If you’ve been following the news, you may be aware that the United Nations has recently
passed some courageous resolutions affirming the radical idea that slavery is a bad thing.
While we naturally agree with this, it’s always frustrating that in such discussions, some of the
largest mass enslavements in human history are ignored: those created under 20th-century
Communism. The best-documented of these is probably the “Gulag” system of slave camps
created by the Soviet Union, which reached its greatest heights in the 1940s and 1950s, but
lasted from only a few years after the Russian Revolution until the Soviet regime’s eventual
collapse.

The most well-known chronicler of the Gulag was Alexsandr Solzhenitsyn, a fascinating
historical figure. He started out as a mostly loyal Communist citizen, serving as an officer in the
Soviet army during World War II. But near the end of the war, in 1945, he was arrested for
making comments critical of Joseph Stalin in a private letter, and condemned to the Gulag labor
camps. Millions died in those camps due to being forced to do excessive amounts of labor with
inadequate food, clothing, and housing, but Solzhenitsyn miraculously survived, and during a
brief thaw after Stalin’s death was able to publish an autobiographical novel about life in the
Gulag, “One Day in the Life of Ivan Denisovich”, in 1962. The authorities soon clamped down
and stopped him from publishing further works in this vein, but the worldwide fame created by
this novel protected him to some degree from the Communist authorities.

After “Ivan Denisovich”, other Gulag survivors from across the Soviet Union began contacting
Solzhenitsyn and sharing their stories. Combining his story with those of many correspondents
to piece together a complete picture of the Gulag system, Solzhenitsyn created a massive
documentary work, “The Gulag Archipelago”. He managed to smuggle it out to the West and
get it published in 1973, though it would not see official publication in his own country until 1989.
That’s not surprising— far from merely a report of isolated abuses, it was a comprehensive
analysis of how the Gulag was an integral component and result of the Communist system.
It’s a fascinating read, by the way; at first I was skeptical that a 2000-page book on Soviet slave
labor camps could hold my attention, but once I started, I literally couldn’t put it down.
Although they may have mostly not been bought and sold explicitly (but in some cases they
were), it’s hard to argue against applying the word “slavery” to the Gulag inmates. Here’s some
of Solzhenitsyn’s description of his camp after first arriving:

“In all the rooms bare multiple bunks… were installed… Two stories of four wooden panels on two cross-shaped supports placed at the head and feet. When one sleeper stirred… three others rocked."

"They did not issue mattresses in this camp, nor sacks to stuff with straw. The words ‘bed
linen’ were unknown… no sheets or pillowcases existed here, and they did not issue or launder underwear. You had what you wore, and you had to look after it yourself… In the evening, when you lay down on the naked panel, you could take off your shoes. But take into consideration that your shoes would be swiped.”
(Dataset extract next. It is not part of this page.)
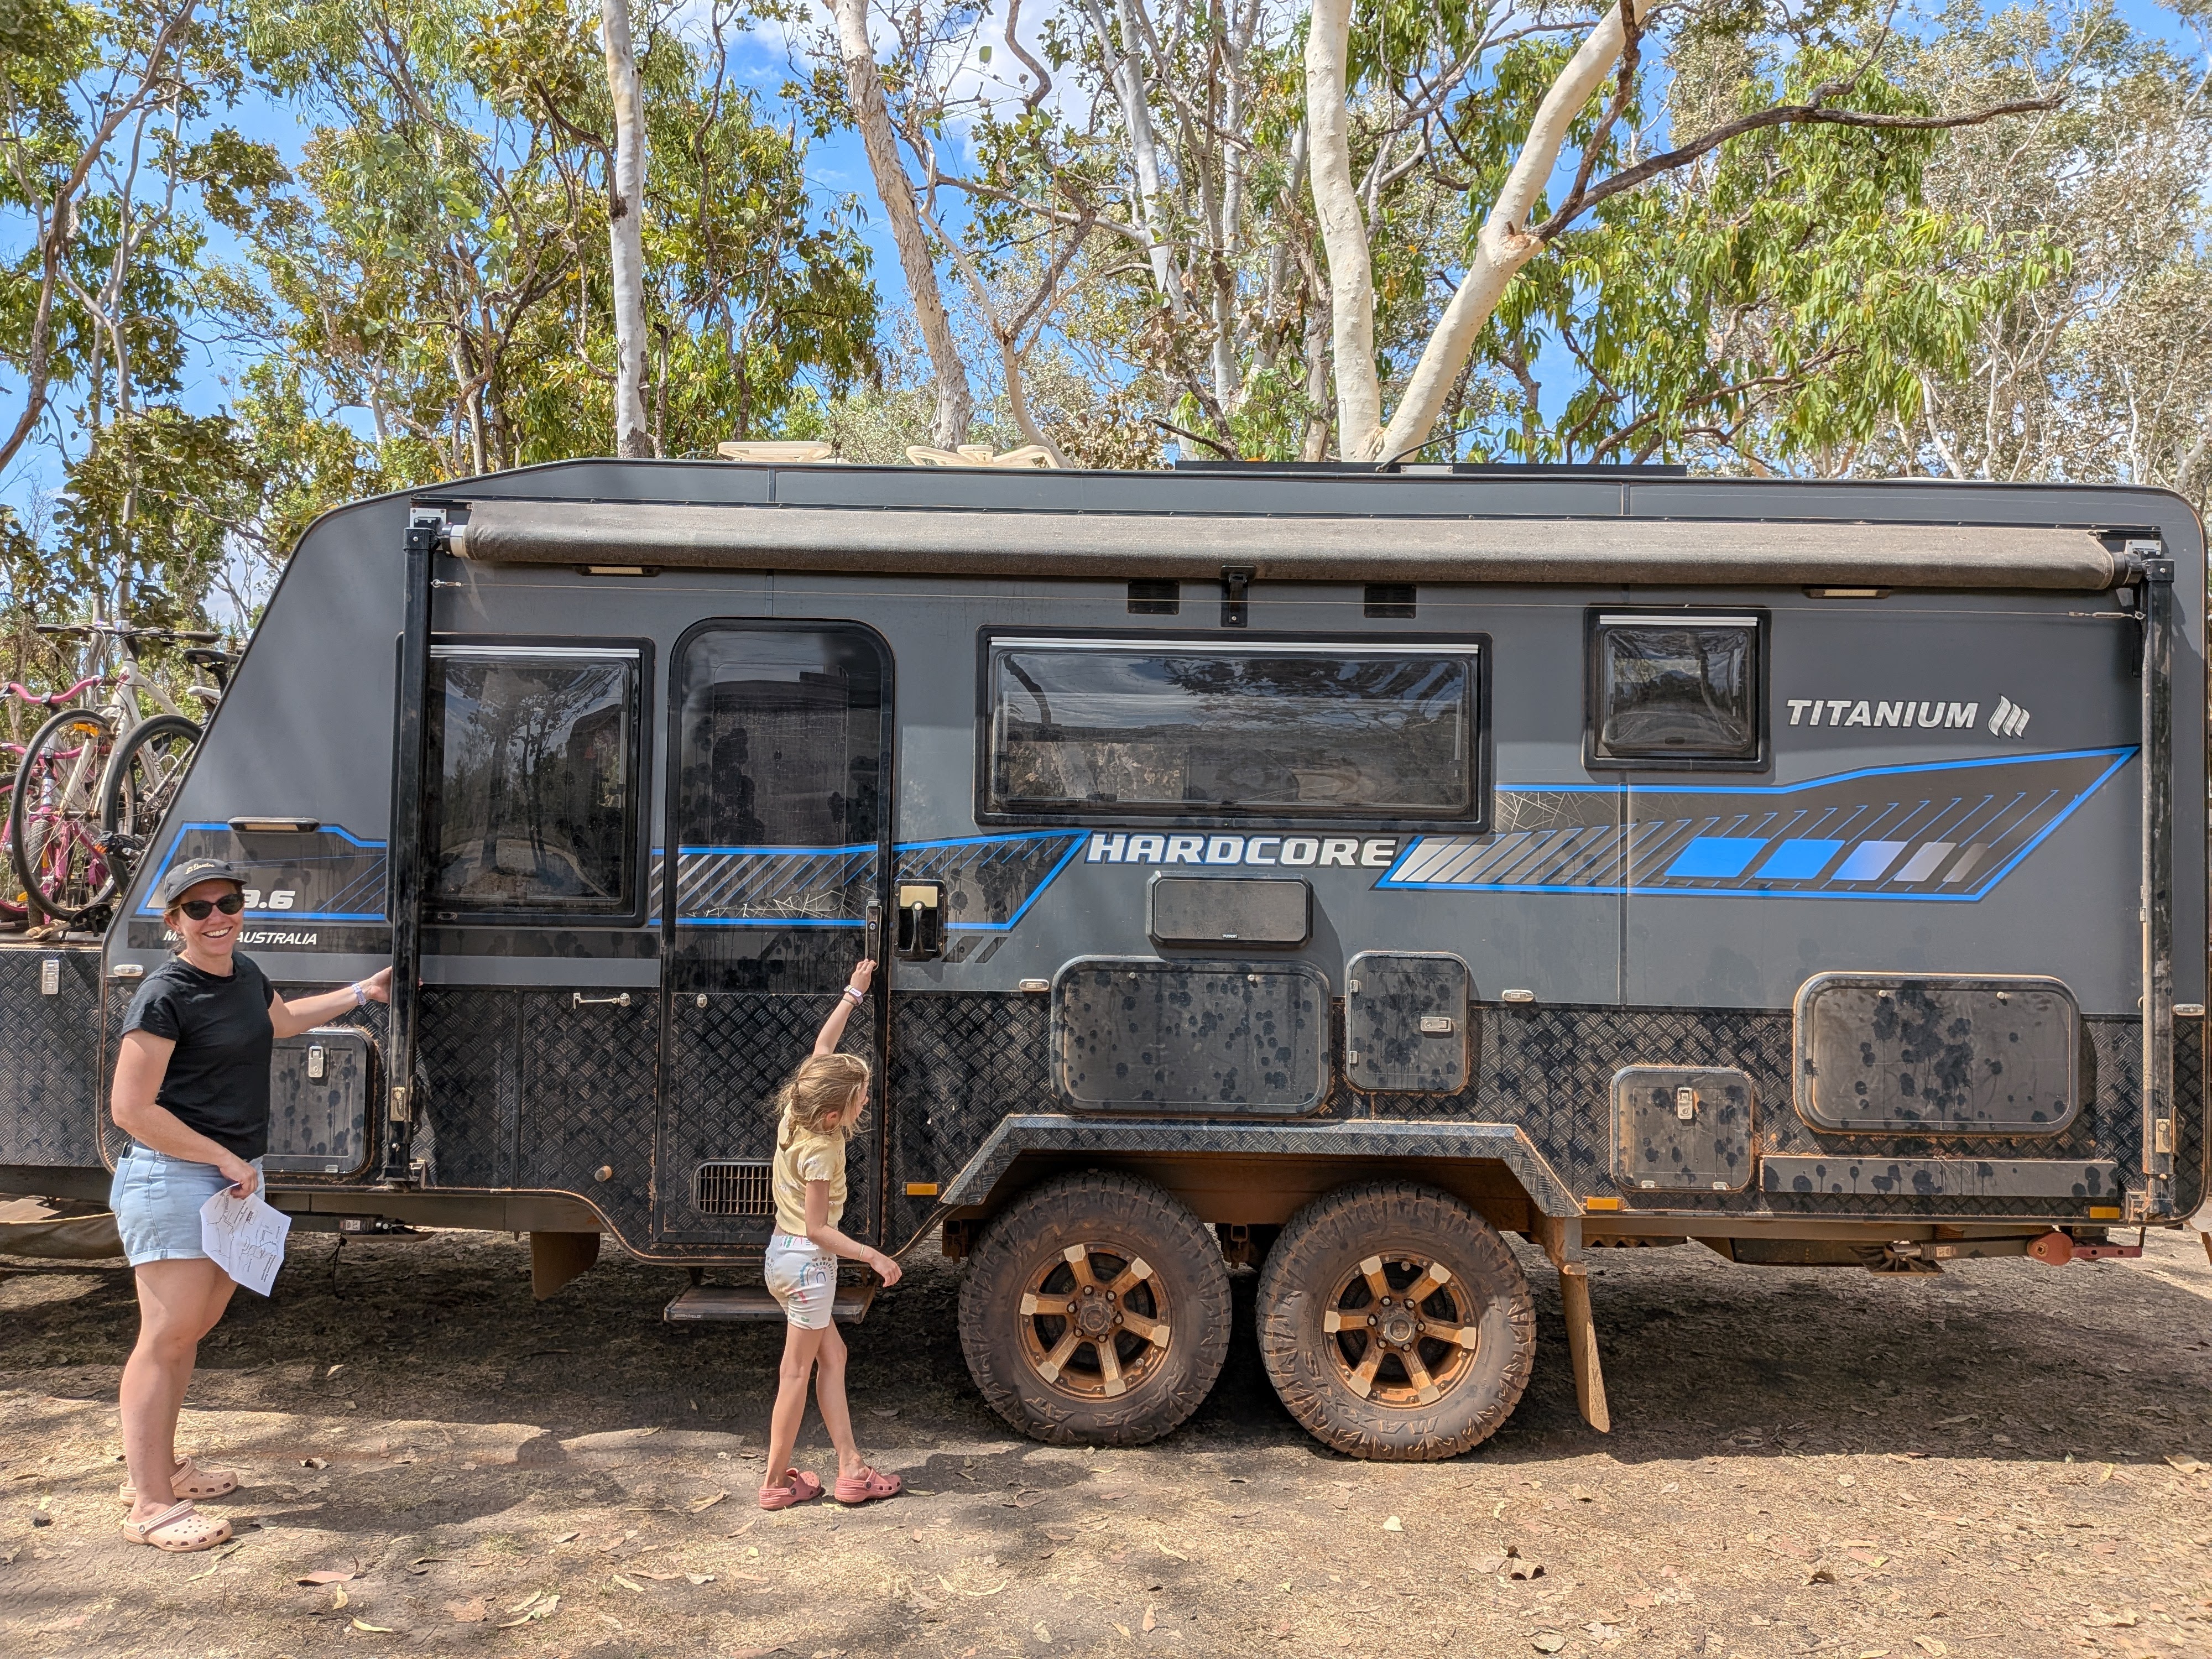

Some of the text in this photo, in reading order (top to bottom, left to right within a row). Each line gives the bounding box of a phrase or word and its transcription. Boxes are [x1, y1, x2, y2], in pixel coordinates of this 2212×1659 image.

[1786, 699, 1979, 729] TITANIUM
[1085, 833, 1397, 867] HARDCORE
[236, 931, 317, 945] AUSTRALIA
Later Solzhenitsyn describes the work he was assigned, digging in the clay pits, after his failure
as a ‘work foreman’ to successfully drive his brigade to achieve desired targets:

“The work norm there was well known: during one shift one worker was to dig, load up, and deliver to the windlass six cars full of clay— eight cubic yards. For two persons the norm was sixteen. In dry weather, the two of us together could manage six and a half. But an autumn drizzle began. For one day, two, three without wind, it kept on… It was not torrential, so no one was going to take the responsibility for halting the outdoor work. …
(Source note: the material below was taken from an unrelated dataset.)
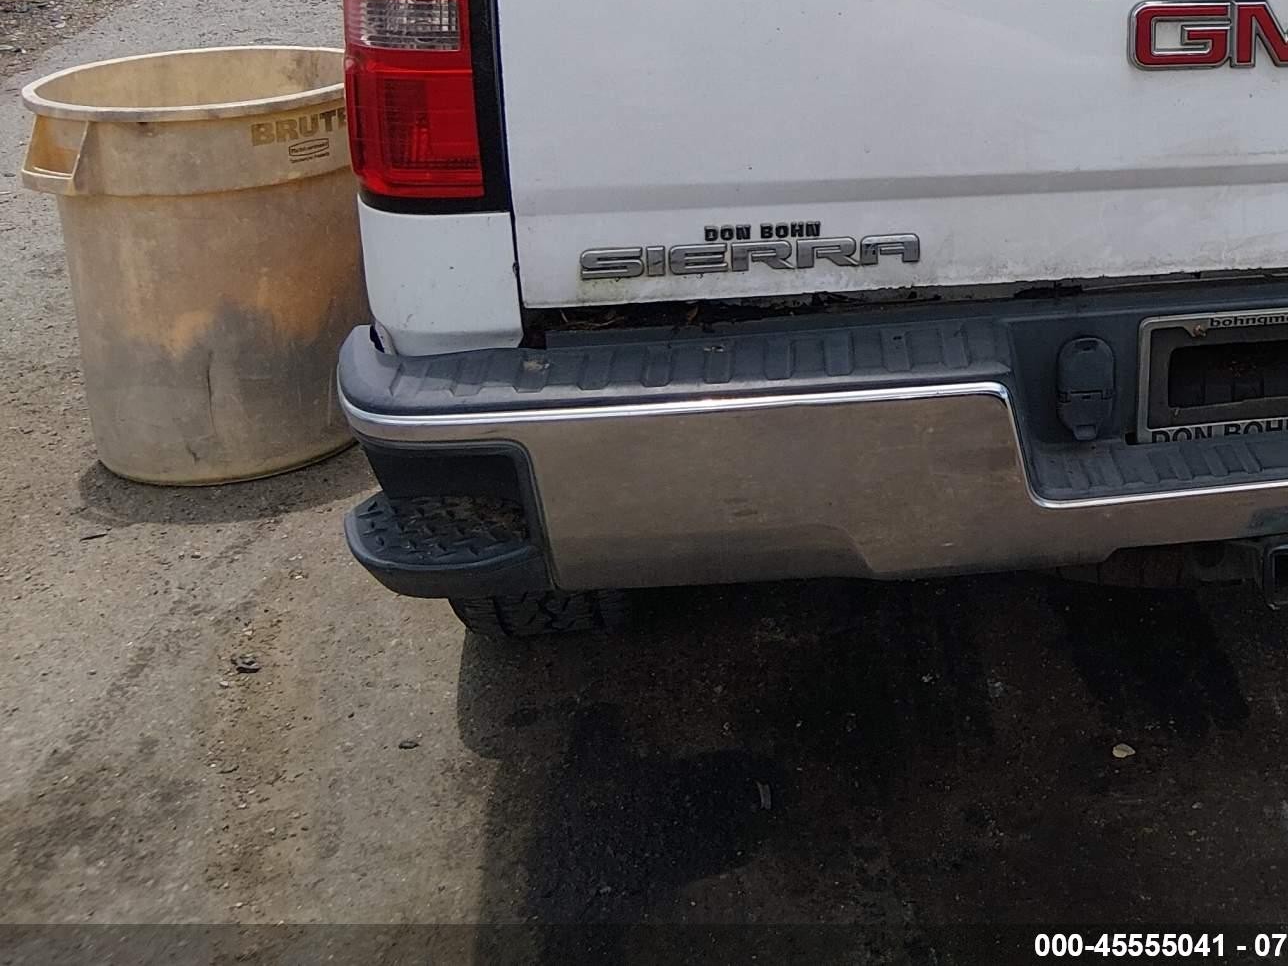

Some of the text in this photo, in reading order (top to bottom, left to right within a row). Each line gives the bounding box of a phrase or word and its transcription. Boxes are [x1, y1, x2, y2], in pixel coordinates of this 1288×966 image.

"Boris was weaker than I; he could hardly wield his spade, which the sticky clay made heavier and heavier, and he could hardly throw each shovelful up to the edge of the truck…  We loaded as much as we could. Penalty ration? So it would be a penalty ration! The hell  with you! …three times a day that same black, unsalted infusion of nettle leaves, and once a day a ladle of thin gruel, a third of a liter. And the bread… they gave fifteen and a quarter ounces in the morning, and not a crumb more during the day or in the evening. And then we were lined up for roll call out in the rain. And once again we slept on bare bunks in wet clothes, muddled with clay, and we shivered because they weren’t heating the barracks…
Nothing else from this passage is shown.